Required action - The following data is to be repeated exactly, its pictures excluded.

[[ Task material open ]]

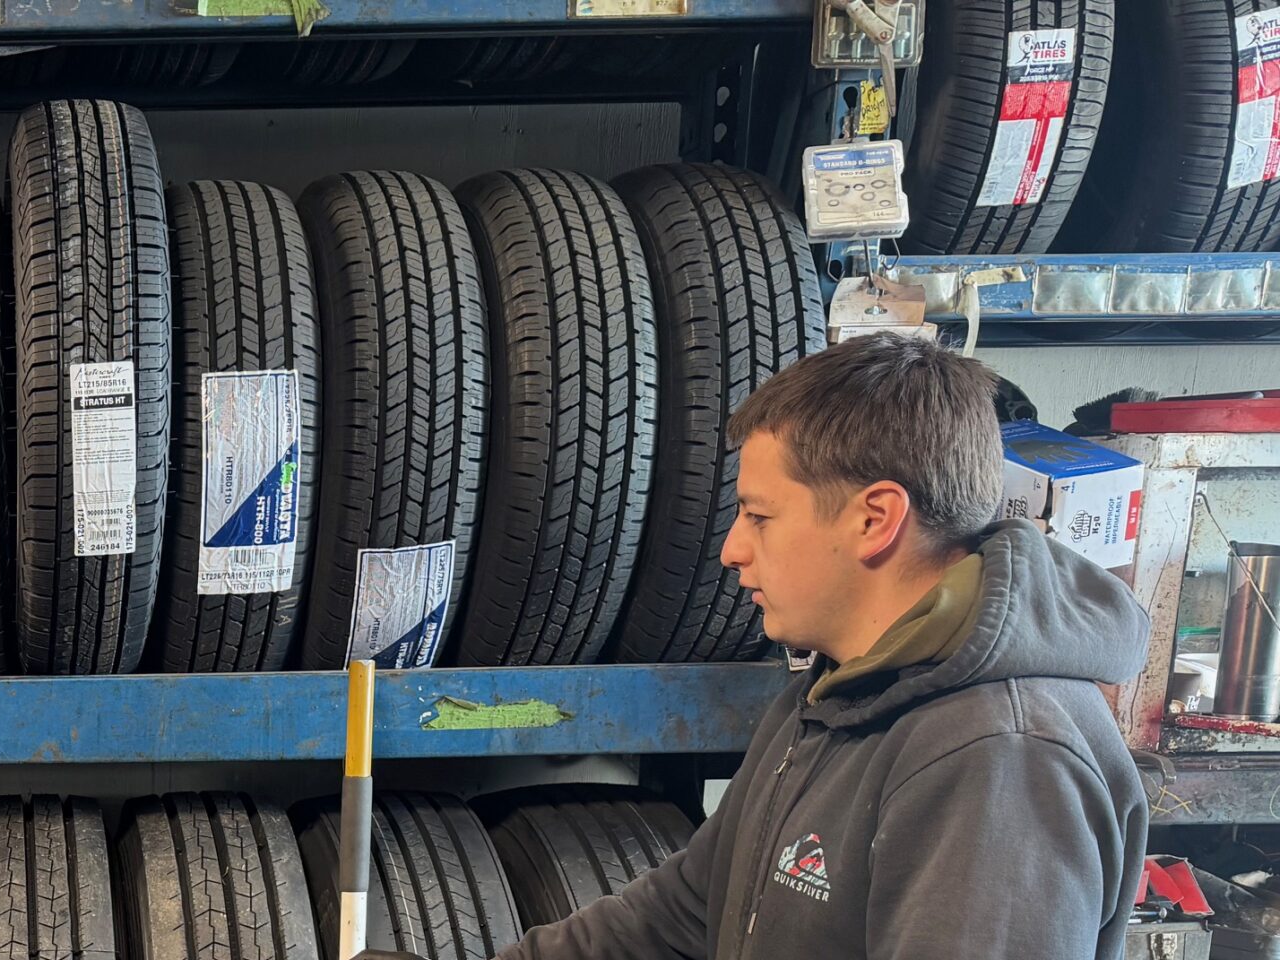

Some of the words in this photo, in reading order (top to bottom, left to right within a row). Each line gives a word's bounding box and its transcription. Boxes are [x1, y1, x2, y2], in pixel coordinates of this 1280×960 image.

[1032, 50, 1066, 60] TIRES
[1033, 40, 1066, 50] ATLAS
[78, 378, 126, 388] LT215/85R16
[80, 397, 114, 406] STRATUS
[115, 396, 126, 404] HT
[224, 456, 234, 504] HTR80110
[254, 496, 266, 545] HTR-800
[1092, 516, 1101, 534] H2O
[1104, 498, 1115, 545] WATERPROOF
[1112, 495, 1123, 544] IMPERMEABLE
[773, 871, 830, 902] QUIKSILVER
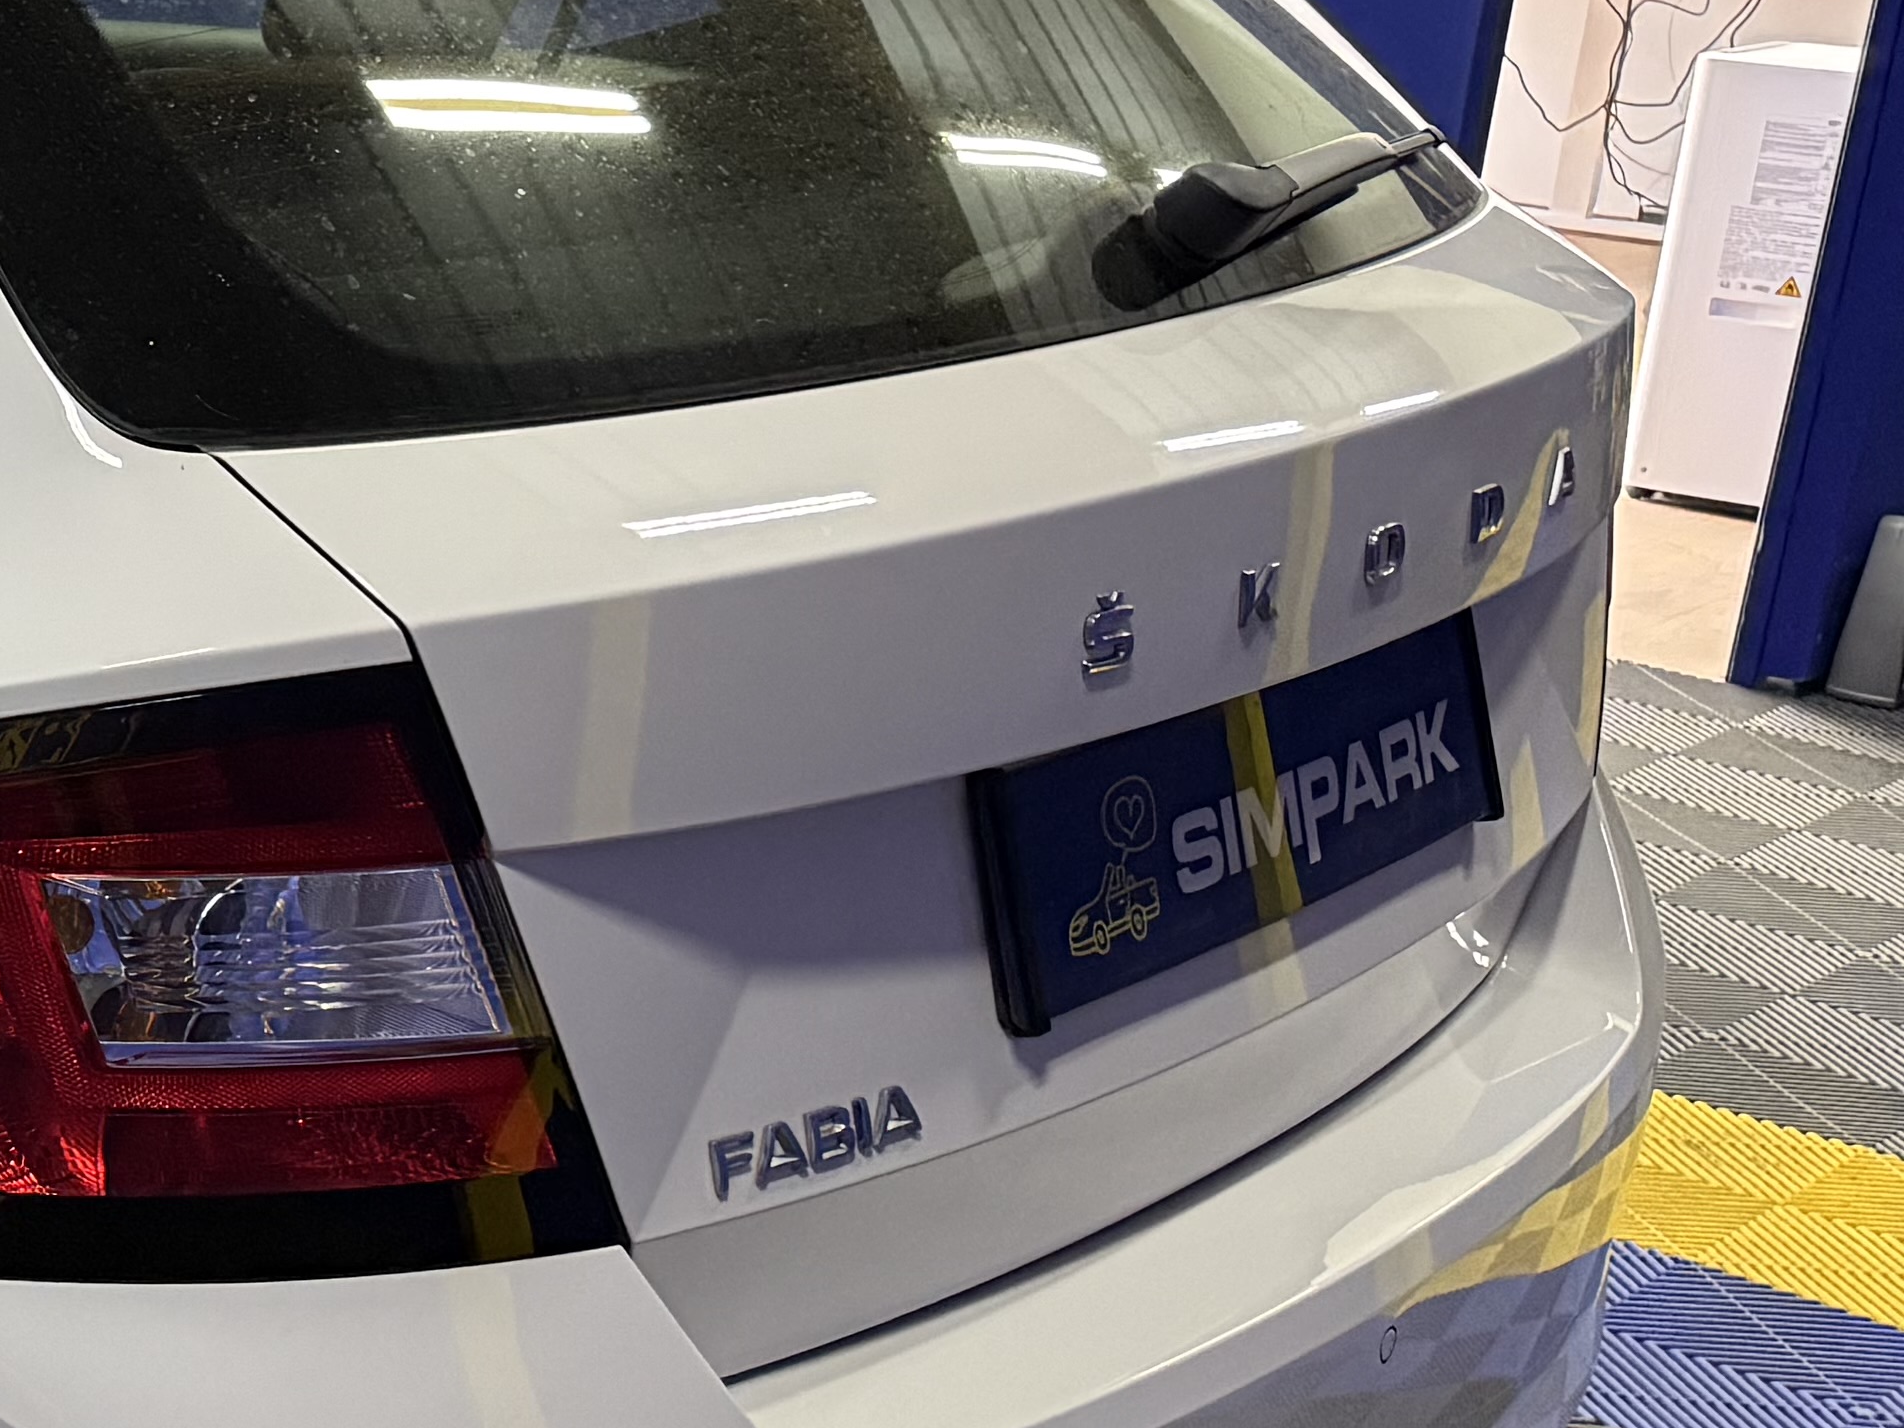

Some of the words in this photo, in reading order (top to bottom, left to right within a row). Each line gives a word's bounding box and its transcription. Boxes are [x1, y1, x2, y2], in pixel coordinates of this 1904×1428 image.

[1081, 445, 1576, 674] ŠKODA
[1171, 698, 1460, 894] SIMPARK
[708, 1085, 923, 1202] FABIA
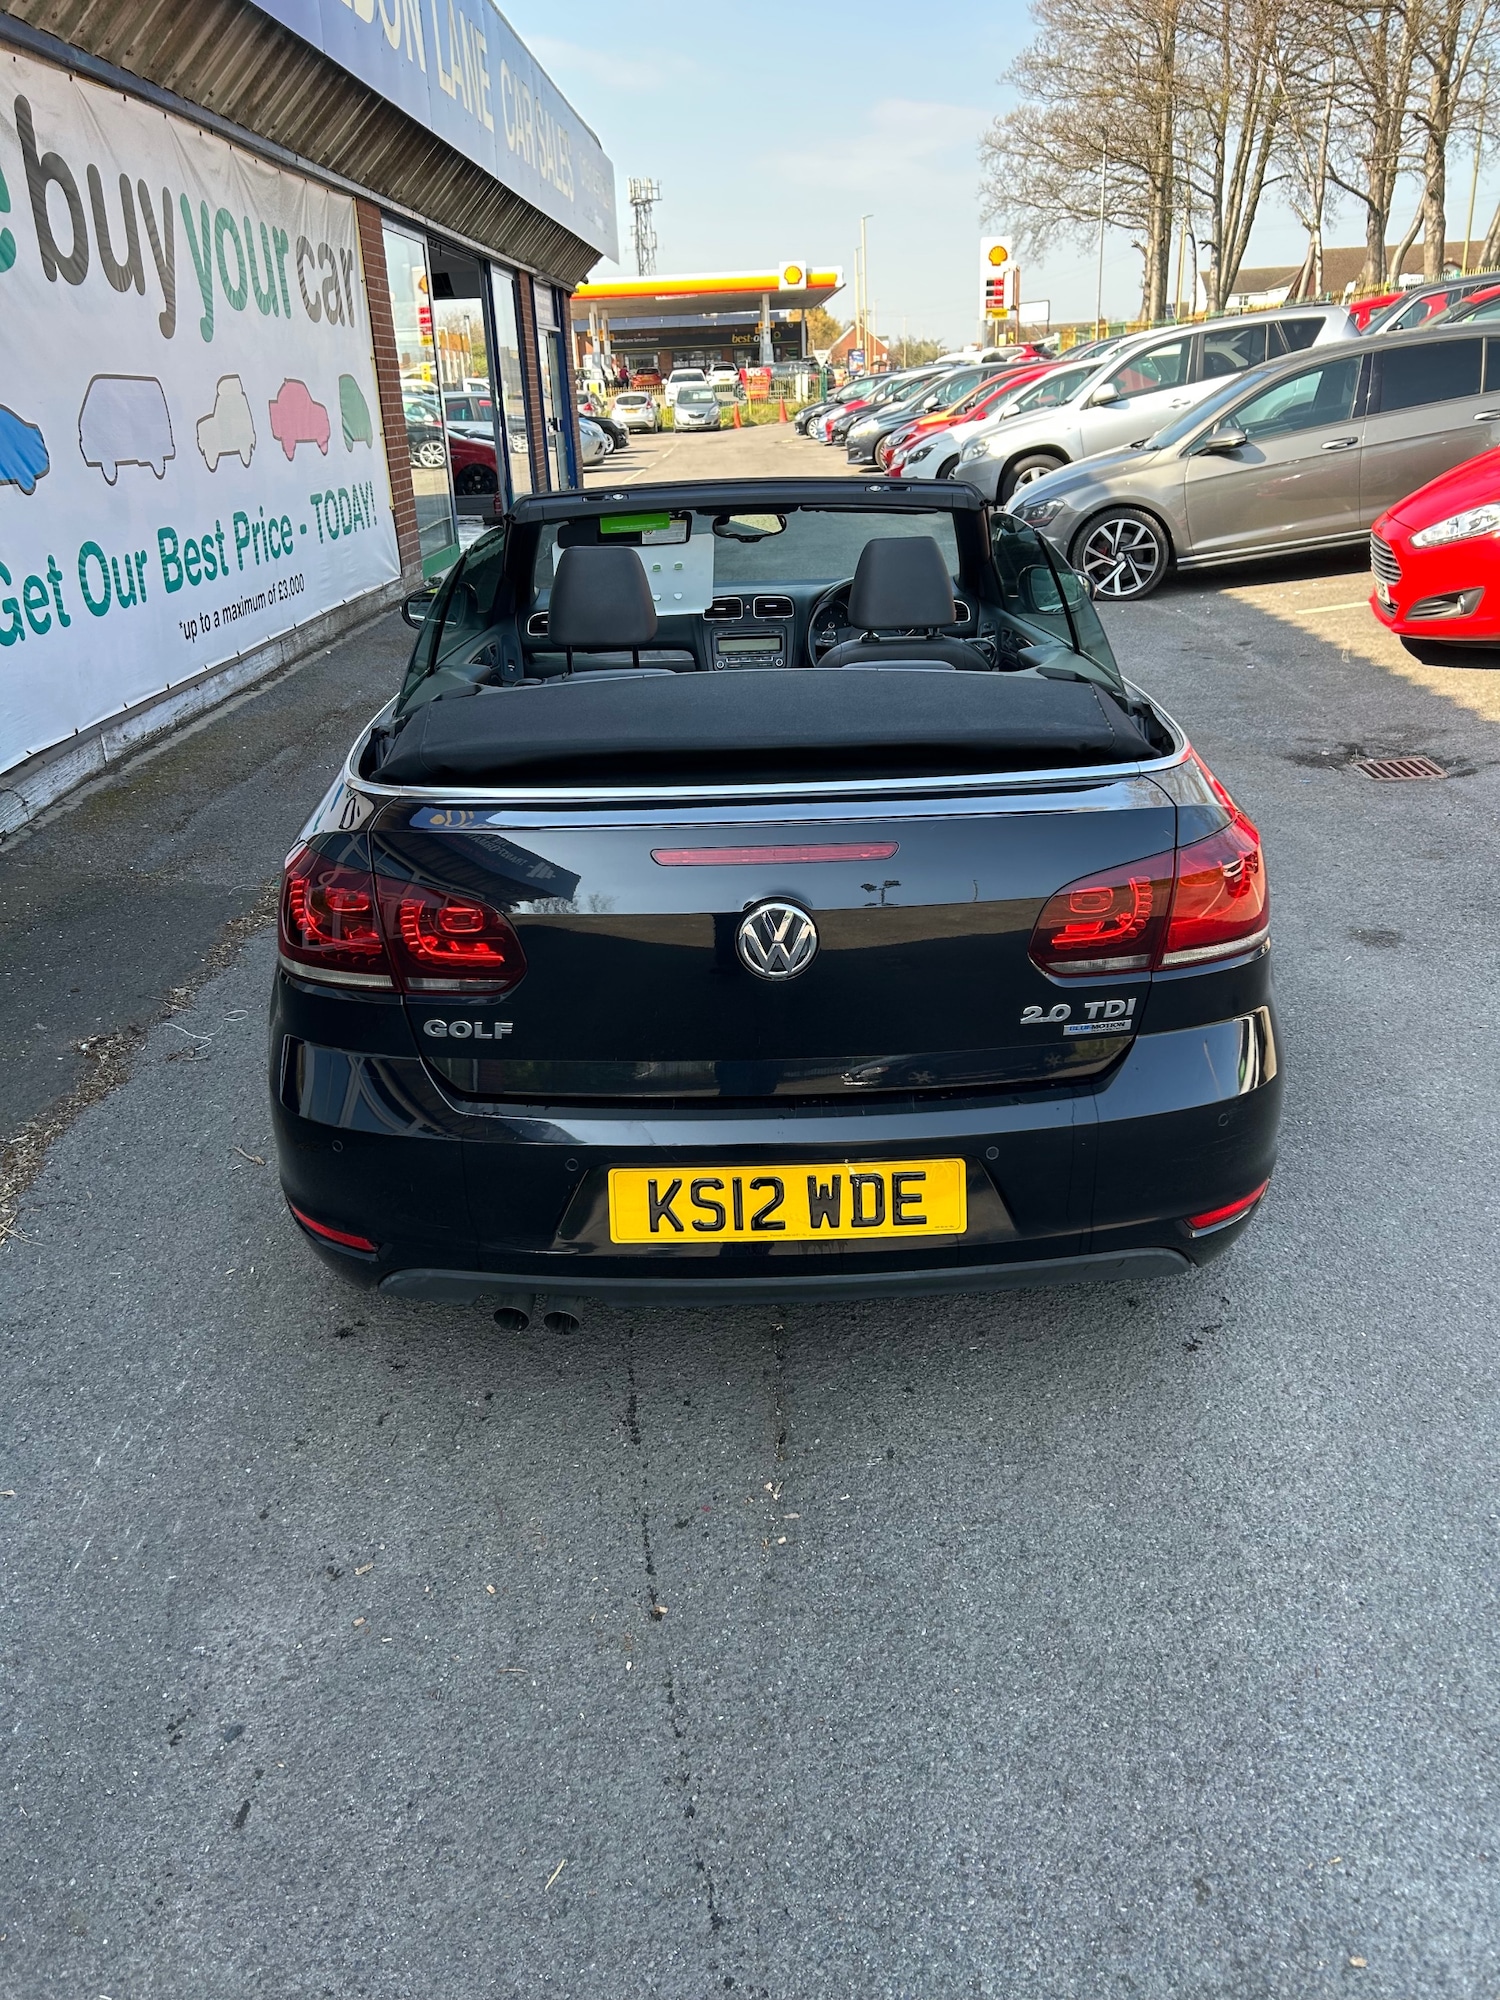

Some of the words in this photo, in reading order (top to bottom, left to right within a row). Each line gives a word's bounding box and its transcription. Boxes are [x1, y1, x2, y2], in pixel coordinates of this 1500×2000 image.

[[ Task material closed ]]

Response to the exercise -
Some of the words in this photo, in reading order (top to bottom, left to right within a row). Each line gives a word's bounding box and its transcription. Boxes are [x1, y1, x2, y2], in pixel coordinates of this 1280×960 image.

[1032, 50, 1066, 60] TIRES
[1033, 40, 1066, 50] ATLAS
[78, 378, 126, 388] LT215/85R16
[80, 397, 114, 406] STRATUS
[115, 396, 126, 404] HT
[224, 456, 234, 504] HTR80110
[254, 496, 266, 545] HTR-800
[1092, 516, 1101, 534] H2O
[1104, 498, 1115, 545] WATERPROOF
[1112, 495, 1123, 544] IMPERMEABLE
[773, 871, 830, 902] QUIKSILVER

Some of the words in this photo, in reading order (top to bottom, left to right within a row). Each line gives a word's bounding box and its transcription. Boxes are [x1, y1, x2, y2], in pixel coordinates of this 1904×1428 image.

[1081, 445, 1576, 674] ŠKODA
[1171, 698, 1460, 894] SIMPARK
[708, 1085, 923, 1202] FABIA

Some of the words in this photo, in reading order (top to bottom, left to right within a row). Each line gives a word's bounding box and its transcription. Boxes are [x1, y1, x2, y2], in pixel coordinates of this 1500×2000 image.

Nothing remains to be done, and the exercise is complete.